▶ _Aim of the task_
Please copy all of the records exactly, leaving nothing out.

▶ _Task inputs_
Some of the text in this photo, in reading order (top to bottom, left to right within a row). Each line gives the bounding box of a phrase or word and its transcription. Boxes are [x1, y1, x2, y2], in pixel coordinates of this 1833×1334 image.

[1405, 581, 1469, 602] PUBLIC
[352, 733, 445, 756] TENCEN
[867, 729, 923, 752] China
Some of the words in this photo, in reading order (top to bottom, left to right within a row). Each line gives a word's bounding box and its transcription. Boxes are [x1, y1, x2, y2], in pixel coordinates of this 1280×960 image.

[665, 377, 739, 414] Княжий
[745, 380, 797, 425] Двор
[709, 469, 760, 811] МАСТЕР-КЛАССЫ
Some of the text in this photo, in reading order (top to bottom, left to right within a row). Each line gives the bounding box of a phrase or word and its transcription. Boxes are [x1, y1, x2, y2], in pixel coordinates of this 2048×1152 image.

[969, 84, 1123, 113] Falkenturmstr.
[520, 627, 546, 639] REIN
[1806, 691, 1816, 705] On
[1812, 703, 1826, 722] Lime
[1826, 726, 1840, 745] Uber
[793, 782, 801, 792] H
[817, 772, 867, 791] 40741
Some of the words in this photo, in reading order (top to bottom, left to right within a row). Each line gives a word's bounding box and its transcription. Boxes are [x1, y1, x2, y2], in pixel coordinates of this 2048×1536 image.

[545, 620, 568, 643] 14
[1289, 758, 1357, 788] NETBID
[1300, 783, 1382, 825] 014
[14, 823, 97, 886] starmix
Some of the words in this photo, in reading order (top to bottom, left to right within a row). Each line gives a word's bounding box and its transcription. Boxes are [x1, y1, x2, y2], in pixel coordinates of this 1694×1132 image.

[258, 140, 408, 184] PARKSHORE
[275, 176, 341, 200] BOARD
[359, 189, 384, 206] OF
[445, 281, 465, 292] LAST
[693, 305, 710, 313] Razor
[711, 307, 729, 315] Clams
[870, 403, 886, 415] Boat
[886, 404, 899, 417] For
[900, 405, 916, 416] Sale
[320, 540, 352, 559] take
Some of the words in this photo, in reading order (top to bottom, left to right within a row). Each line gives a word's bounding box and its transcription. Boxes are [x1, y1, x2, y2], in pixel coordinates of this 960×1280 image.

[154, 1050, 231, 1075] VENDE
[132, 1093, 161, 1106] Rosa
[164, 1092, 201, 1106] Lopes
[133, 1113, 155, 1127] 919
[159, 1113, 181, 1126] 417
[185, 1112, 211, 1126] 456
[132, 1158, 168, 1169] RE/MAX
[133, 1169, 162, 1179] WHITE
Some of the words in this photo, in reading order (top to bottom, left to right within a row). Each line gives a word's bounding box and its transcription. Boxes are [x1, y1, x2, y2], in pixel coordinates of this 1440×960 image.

▶ _Exercise answer_
Some of the text in this photo, in reading order (top to bottom, left to right within a row). Each line gives the bounding box of a phrase or word and its transcription. Boxes are [x1, y1, x2, y2], in pixel coordinates of this 1833×1334 image.

[1405, 581, 1469, 602] PUBLIC
[352, 733, 445, 756] TENCEN
[867, 729, 923, 752] China
Some of the words in this photo, in reading order (top to bottom, left to right within a row). Each line gives a word's bounding box and its transcription. Boxes are [x1, y1, x2, y2], in pixel coordinates of this 1280×960 image.

[665, 377, 739, 414] Княжий
[745, 380, 797, 425] Двор
[709, 469, 760, 811] МАСТЕР-КЛАССЫ
Some of the text in this photo, in reading order (top to bottom, left to right within a row). Each line gives the bounding box of a phrase or word and its transcription. Boxes are [x1, y1, x2, y2], in pixel coordinates of this 2048×1152 image.

[969, 84, 1123, 113] Falkenturmstr.
[520, 627, 546, 639] REIN
[1806, 691, 1816, 705] On
[1812, 703, 1826, 722] Lime
[1826, 726, 1840, 745] Uber
[793, 782, 801, 792] H
[817, 772, 867, 791] 40741
Some of the words in this photo, in reading order (top to bottom, left to right within a row). Each line gives a word's bounding box and its transcription. Boxes are [x1, y1, x2, y2], in pixel coordinates of this 2048×1536 image.

[545, 620, 568, 643] 14
[1289, 758, 1357, 788] NETBID
[1300, 783, 1382, 825] 014
[14, 823, 97, 886] starmix
Some of the words in this photo, in reading order (top to bottom, left to right within a row). Each line gives a word's bounding box and its transcription. Boxes are [x1, y1, x2, y2], in pixel coordinates of this 1694×1132 image.

[258, 140, 408, 184] PARKSHORE
[275, 176, 341, 200] BOARD
[359, 189, 384, 206] OF
[445, 281, 465, 292] LAST
[693, 305, 710, 313] Razor
[711, 307, 729, 315] Clams
[870, 403, 886, 415] Boat
[886, 404, 899, 417] For
[900, 405, 916, 416] Sale
[320, 540, 352, 559] take
Some of the words in this photo, in reading order (top to bottom, left to right within a row). Each line gives a word's bounding box and its transcription. Boxes are [x1, y1, x2, y2], in pixel coordinates of this 960×1280 image.

[154, 1050, 231, 1075] VENDE
[132, 1093, 161, 1106] Rosa
[164, 1092, 201, 1106] Lopes
[133, 1113, 155, 1127] 919
[159, 1113, 181, 1126] 417
[185, 1112, 211, 1126] 456
[132, 1158, 168, 1169] RE/MAX
[133, 1169, 162, 1179] WHITE
Some of the words in this photo, in reading order (top to bottom, left to right within a row). Each line gives a word's bounding box and its transcription. Boxes are [x1, y1, x2, y2], in pixel coordinates of this 1440×960 image.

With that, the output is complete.